1. First, we will create a custom Express launch script configured to use HTTPS. You can duplicate the /bin/www launch script and make the following adjustments to it:

#!/usr/bin/env node

var https = require('https');
var fs = require('fs');
var app = require('../app');
var debug = require('debug')('my-express-project:server');

var port = normalizePort(process.env.PORT || '3000');
app.set('port', port);

var options = {
  key  : fs.readFileSync('key.pem'),
  cert : fs.readFileSync('cert.pem')
};

var server = https.createServer(options, app);
server.listen(port);
server.on('error', onError);
server.on('listening', onListening);

function normalizePort(val) {
  var port = parseInt(val, 10);

  if (isNaN(port)) {
    // named pipe
    return val;
  }

  if (port >= 0) {
    // port number
    return port;
  }

  return false;
}

function onError(error) {
  if (error.syscall !== 'listen') {
    throw error;
  }

  var bind = typeof port === 'string'
    ? 'Pipe ' + port
    : 'Port ' + port;

  // handle specific listen errors with friendly messages
  switch (error.code) {
    case 'EACCES':
      console.error(bind + ' requires elevated privileges');
      process.exit(1);
      break;
    case 'EADDRINUSE':
      console.error(bind + ' is already in use');
      process.exit(1);
      break;
    default:
      throw error;
  }
}

function onListening() {
  var addr = server.address();
  var bind = typeof addr === 'string'
    ? 'pipe ' + addr
    : 'port ' + addr.port;
  debug('Listening on ' + bind);
}

2. The easiest way to use this new Express launch script is to create a new npm script alias in our /package.json file:

{
  "name": "my-express-project",
  "version": "0.0.0",
  "private": true,
  "scripts": {
    "start": "node ./bin/www",
    "start:https": "node ./bin/https"
  },
...

3. Now, we can launch an HTTPS secured version of our web server by running npm run start:https. To view our web server, we will need to visit https://localhost:3000. You will see an error from your browser if you are using your self-generated certificate. You can bypass this error by choosing to proceed past the error notification in your browser.
4. Next, we should include helmet into our /app.js Express configuration as middleware:

...
var helmet = require('helmet');
...
app.use(helmet());
...
...

5. Finally, we will need to update our express-session configuration to further secure our cookies.
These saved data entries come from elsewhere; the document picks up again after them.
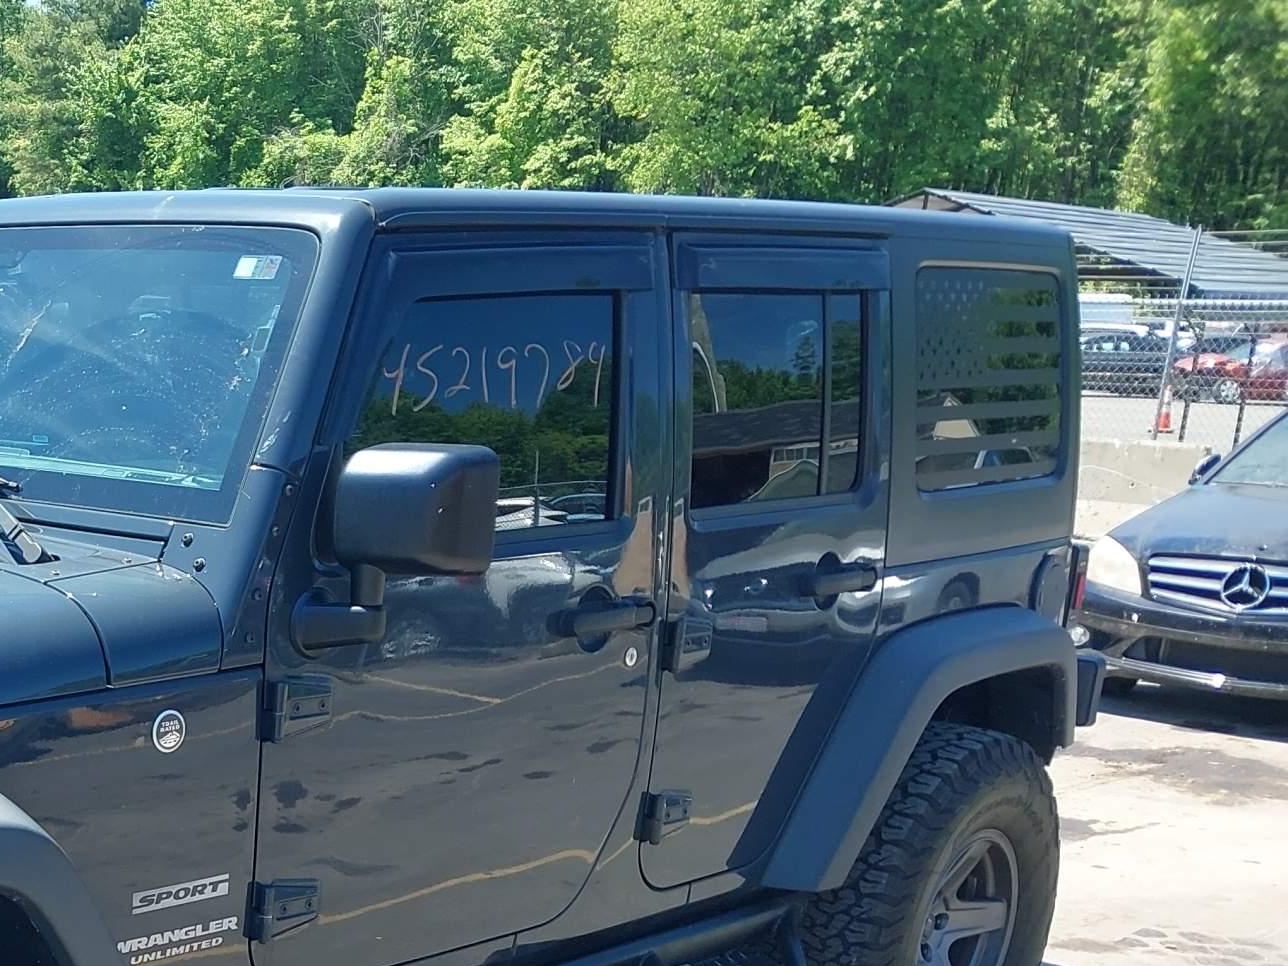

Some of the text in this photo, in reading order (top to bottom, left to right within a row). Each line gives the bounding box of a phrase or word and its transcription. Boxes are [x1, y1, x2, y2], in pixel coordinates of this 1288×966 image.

[383, 339, 606, 416] 45219784
[136, 879, 225, 909] SPORT
[117, 916, 238, 953] WRANGLER
[130, 937, 223, 965] UNLIMITED
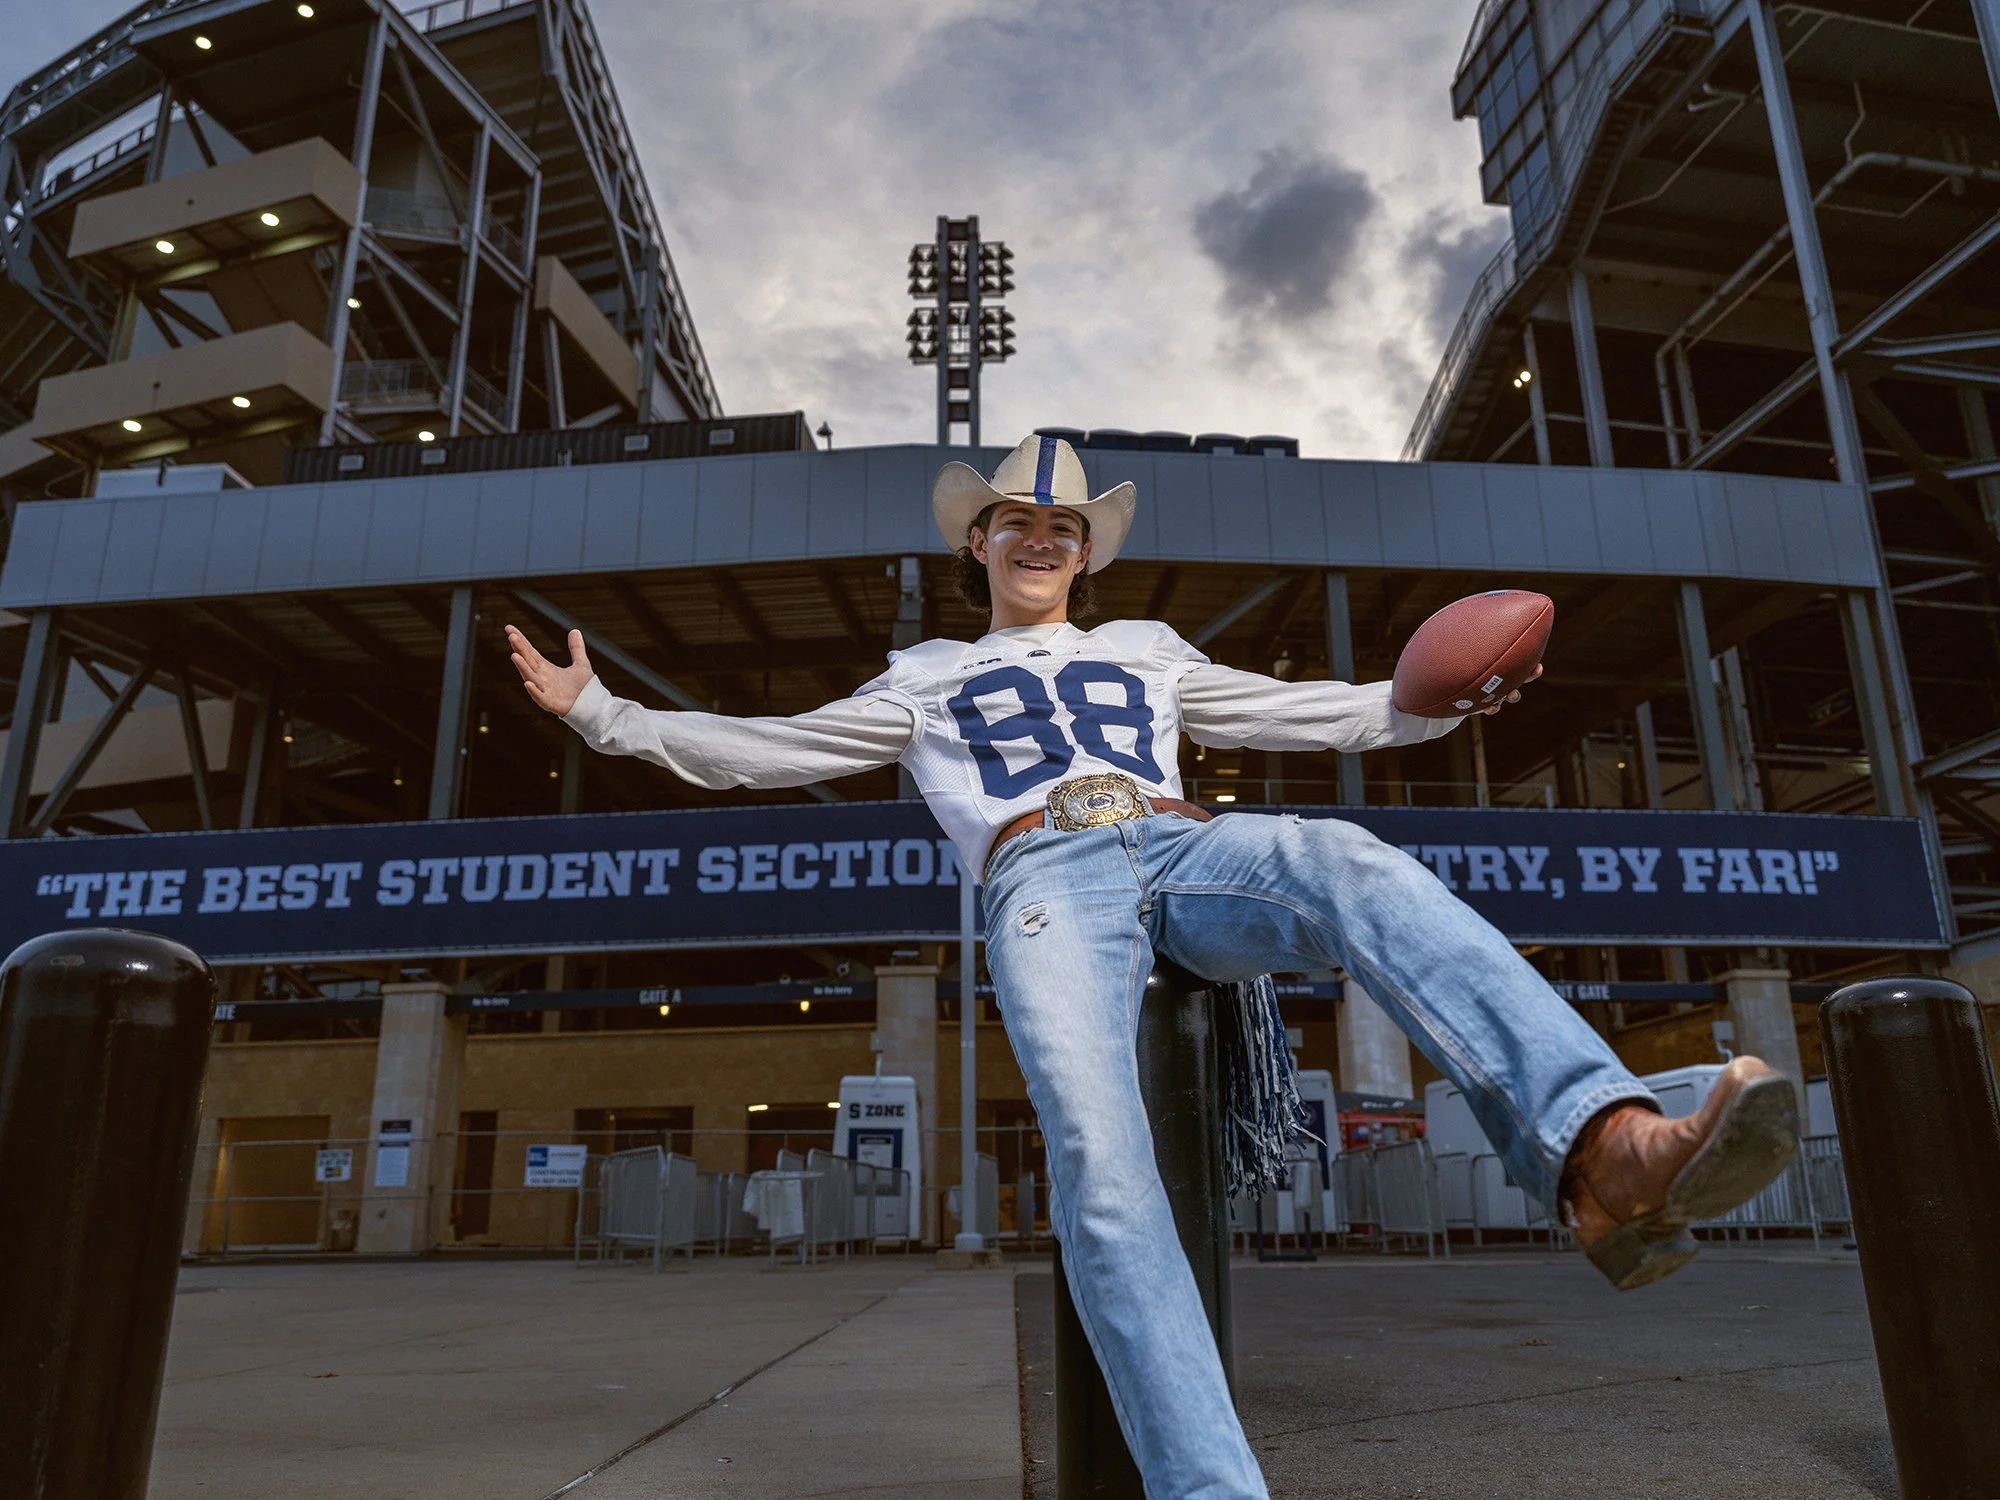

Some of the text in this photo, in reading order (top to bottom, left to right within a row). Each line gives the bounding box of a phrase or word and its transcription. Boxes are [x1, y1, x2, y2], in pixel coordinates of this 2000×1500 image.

[946, 660, 1165, 800] 88
[37, 868, 187, 919] “THE
[198, 861, 362, 914] BEST
[376, 848, 680, 906] STUDENT
[1400, 844, 1565, 899] TRY,
[1576, 846, 1661, 893] BY
[1677, 847, 1838, 895] FAR!”
[638, 988, 669, 1005] GATE
[214, 1003, 237, 1020] ATE
[849, 1103, 905, 1119] S ZONE
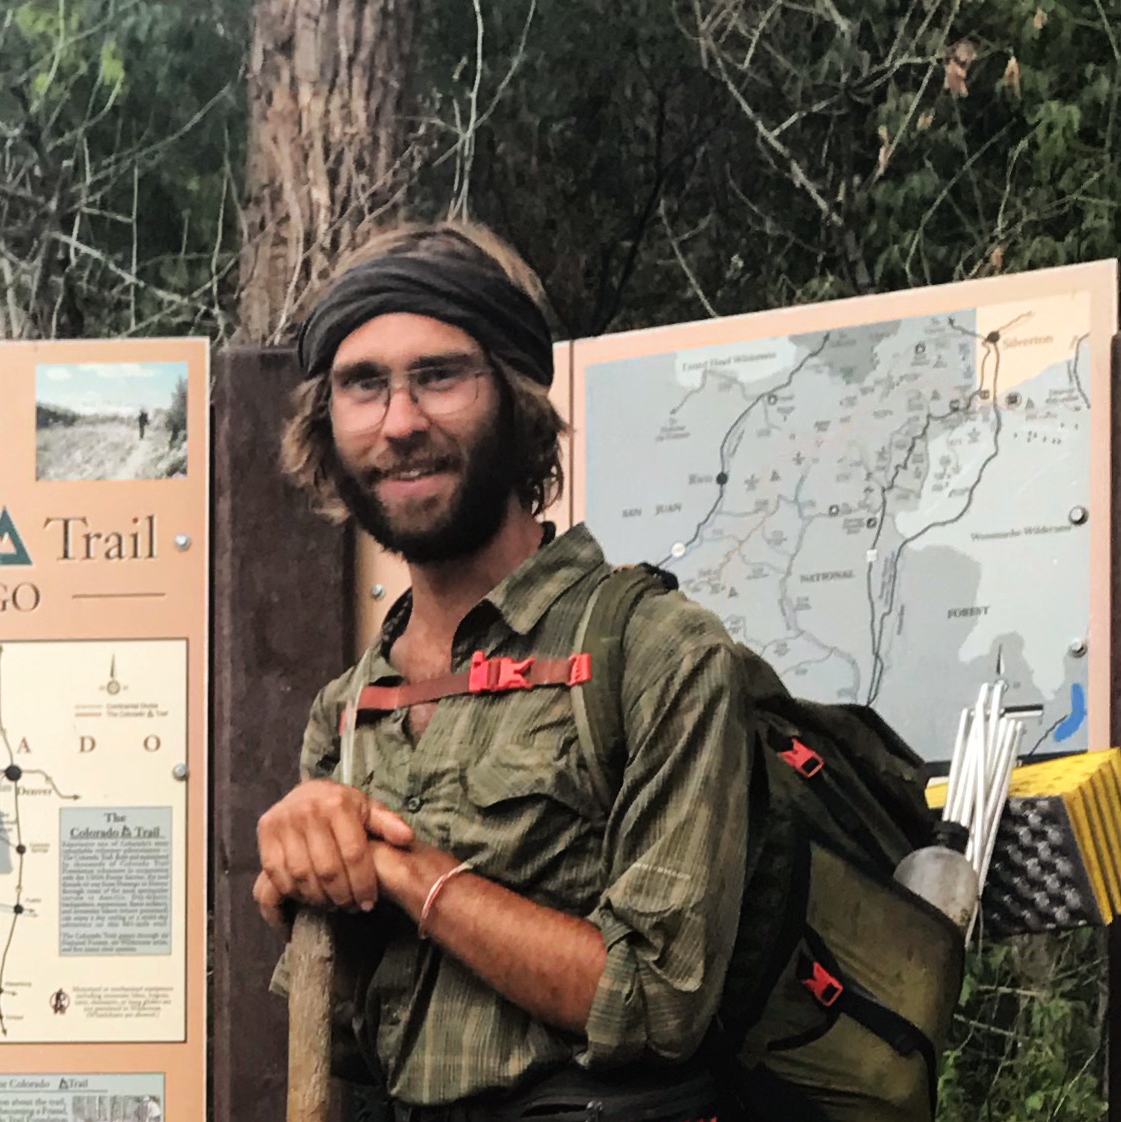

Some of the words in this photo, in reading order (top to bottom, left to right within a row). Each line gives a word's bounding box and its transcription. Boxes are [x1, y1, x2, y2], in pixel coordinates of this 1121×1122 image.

We can do this by adding a non-default name property to our session, as well as a cookie configuration object:

app.use(session({
  secret: process.env.cookieSecret,
  resave: false,
  saveUninitialized: true,
  name: 'project-session',
  cookie: {
    secure: true,
    httpOnly: true,
    domain: 'localhost',
    expires: new Date(Date.now() + 60 * 60 * 1000)
  }
}));

6. Now, when we run our application, if our cookies aren't sent via an encrypted HTTPS request, or they come from a domain other than the localhost, they will be considered invalid.